Estava tentando ser um marido e filho mais dedicado no decorrer daquela semana. Considerei que, talvez, se tomasse cada segundo do meu tempo com tarefas e preocupações sobre outras pessoas na minha vida, seria mais manejável obliterar-me dos meus pecados e as sensações intensas que provocavam em meu corpo e mente - sendo praticados, ou somente pensados.

Naquela quinta feira, em questão, acordei me sentindo um tanto quanto ansioso. Yoon-ju e eu jantaríamos  na casa dos nossos pais, mas Hyu-jin não estaria presente, já que tinha marcado uma pequena reunião com suas amigas do serviço após o trabalho. Desde agora, conseguia sentir uma aflição certeira sobre os questionamentos que o meu abeoji faria durante a refeição, fazendo valer a ausência atípica da minha esposa, como fizera algumas vezes, desde que havia sido demitido.

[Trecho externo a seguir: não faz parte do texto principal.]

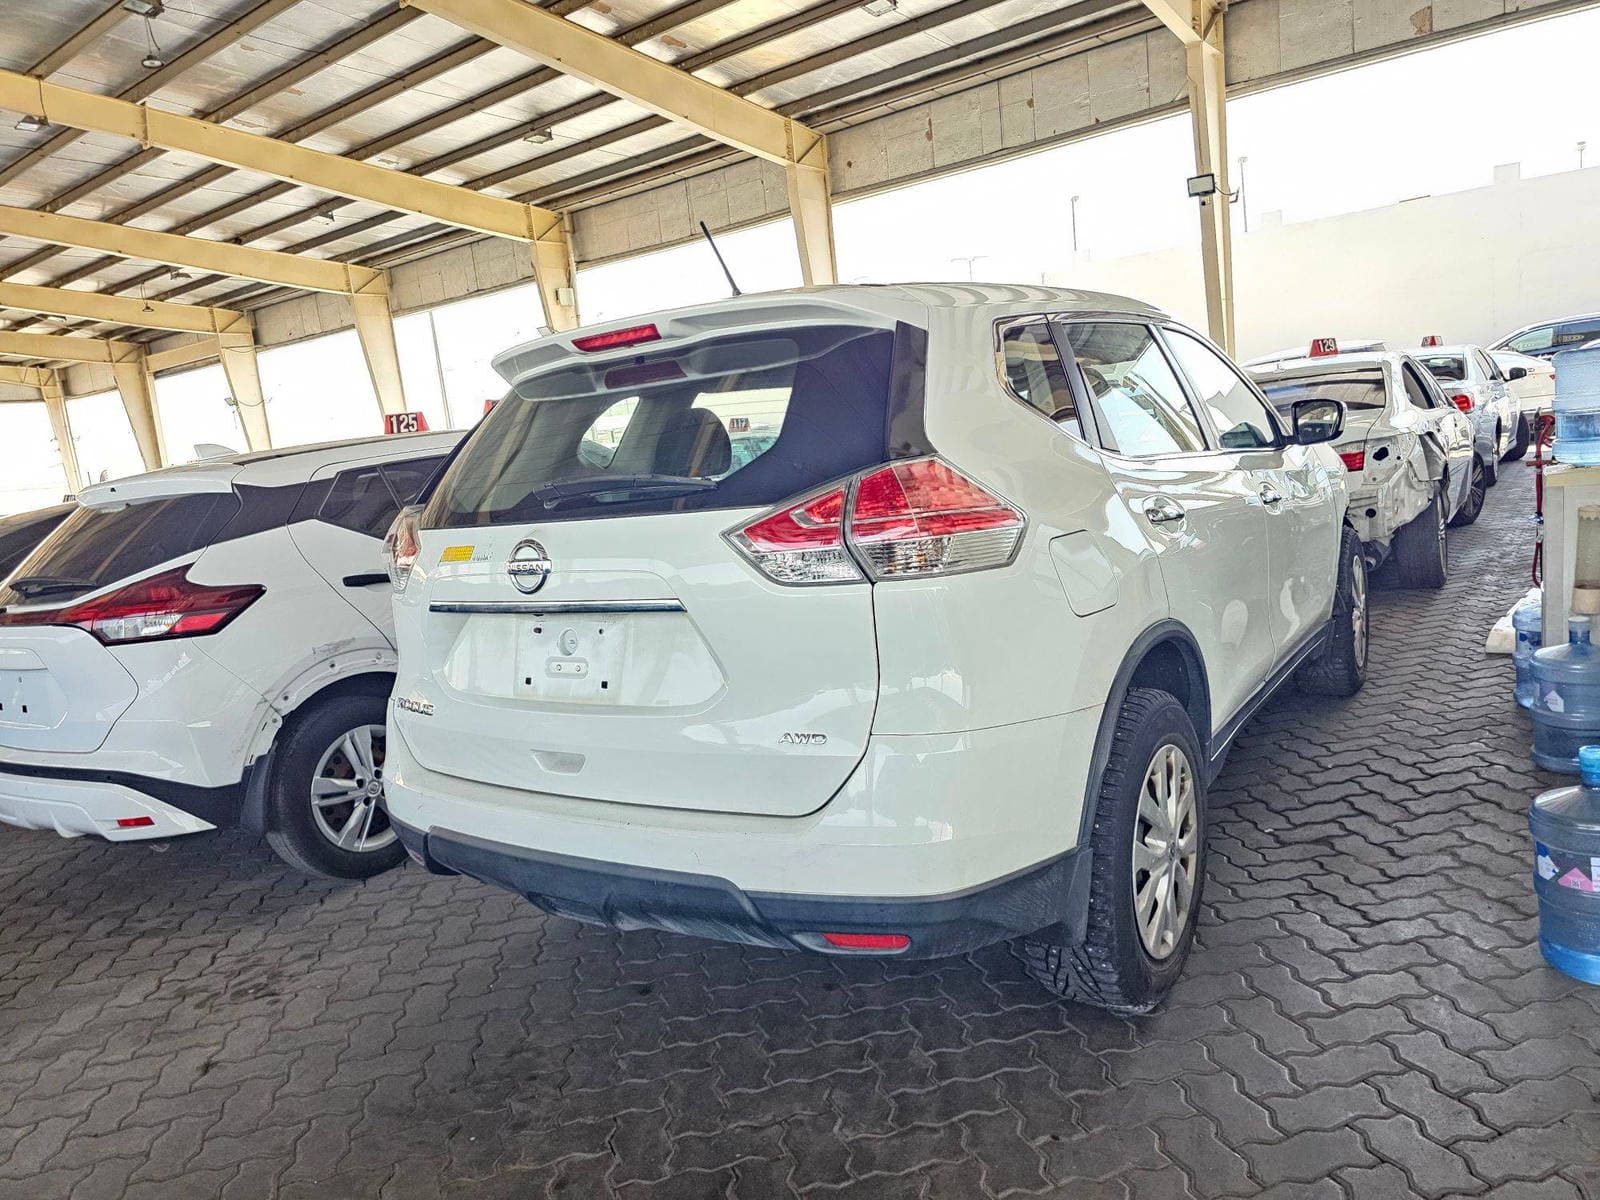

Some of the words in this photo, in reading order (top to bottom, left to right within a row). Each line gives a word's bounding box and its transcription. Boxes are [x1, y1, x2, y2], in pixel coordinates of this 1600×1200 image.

[1318, 339, 1335, 353] 129
[390, 414, 418, 434] 125
[508, 563, 544, 573] NISSAN
[778, 732, 828, 745] AWD
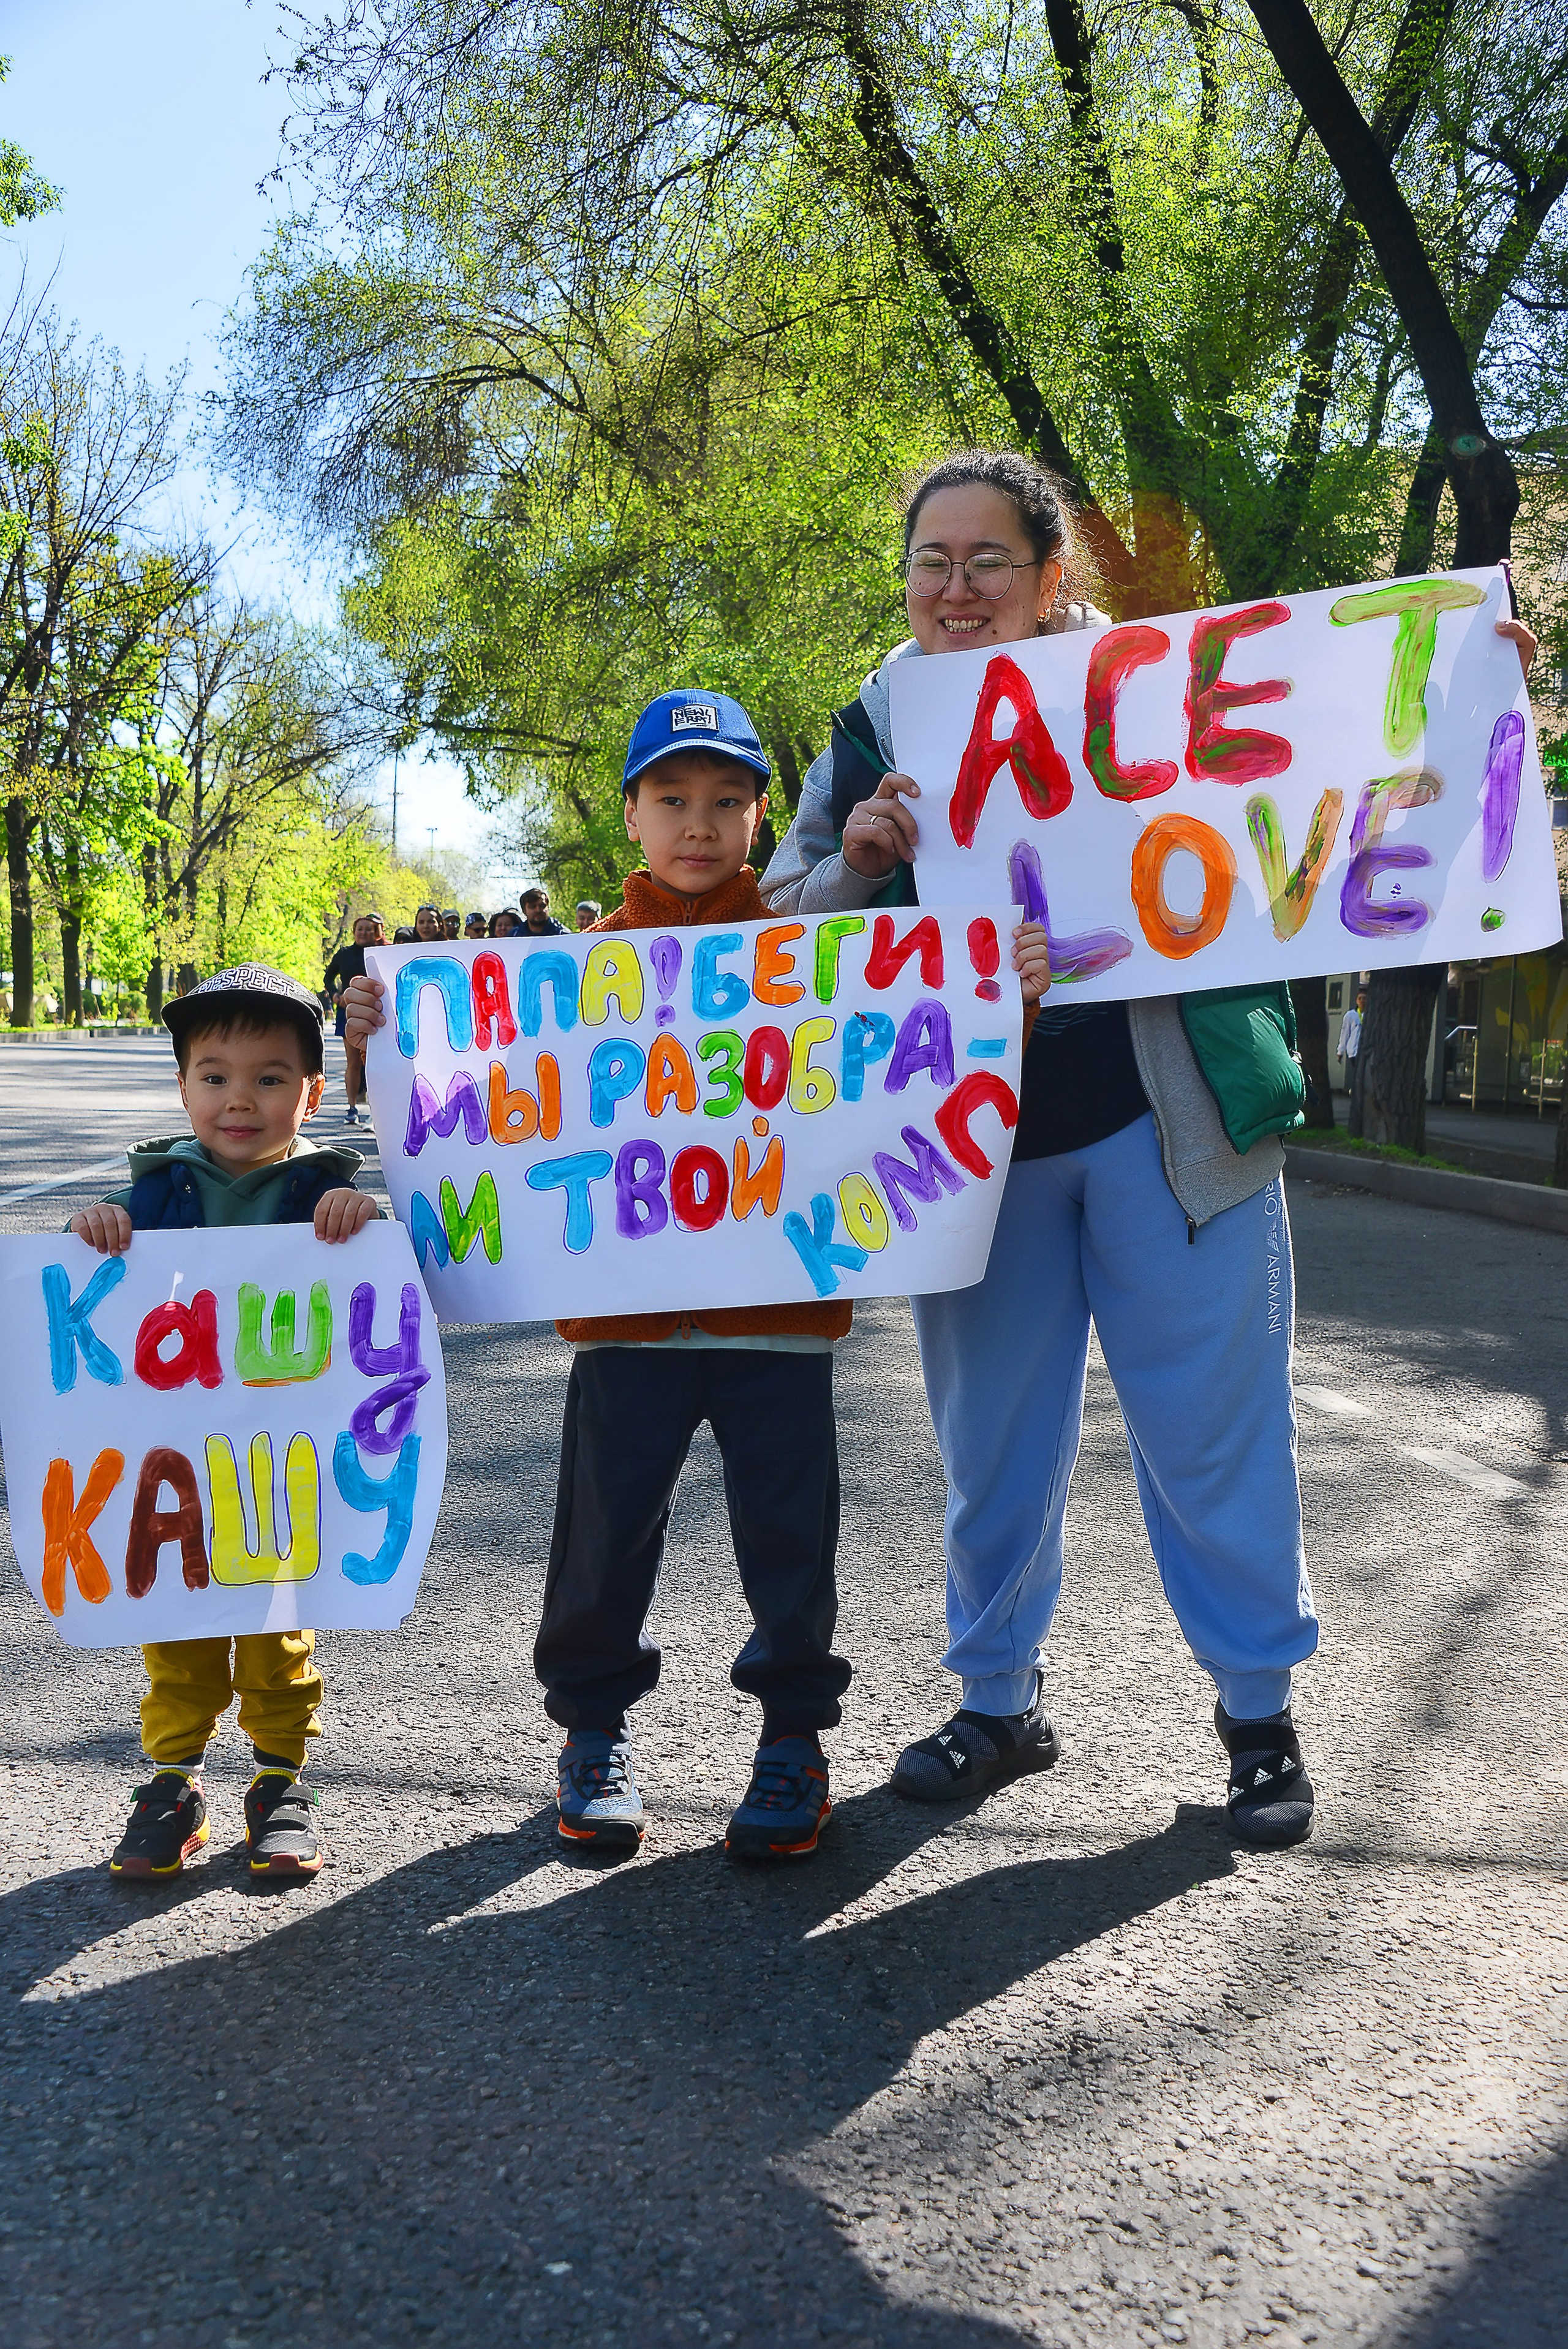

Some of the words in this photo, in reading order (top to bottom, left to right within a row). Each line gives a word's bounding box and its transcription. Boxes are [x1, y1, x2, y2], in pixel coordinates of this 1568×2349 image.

[525, 1115, 785, 1254] ТВОЙ
[1267, 1254, 1282, 1335] ARMANI
[42, 1430, 422, 1618] КАШУ
[949, 1751, 960, 1769] adidas
[1253, 1774, 1273, 1785] adidas
[1281, 1762, 1296, 1773] adidas

“ — Você já arrumou um emprego fixo, Heung-min? Por favor, pare de causar constrangimento à imagem da nossa família perante os demais fiéis da igreja. Já lhe disse: — Basta rezar e ser temente a palavra de Deus que eu espalho na nossa igreja, que conseguirá vencer. Você não anda rezando o suficiente?”


Eu rezava diariamente e isso não deveria ser uma dúvida para ele. Continuamente, me esforçara em todas as entrevistas de emprego que consegui me inscrever, mas, ainda assim, nada justo foi pra frente, até agora. Grande parte das empresas que estavam contratando em meio a crise financeira exigiam certificados específicos e diploma de ensino superior - o que sempre me causava certo constrangimento, no momento de explicar que havia trancado o meu curso.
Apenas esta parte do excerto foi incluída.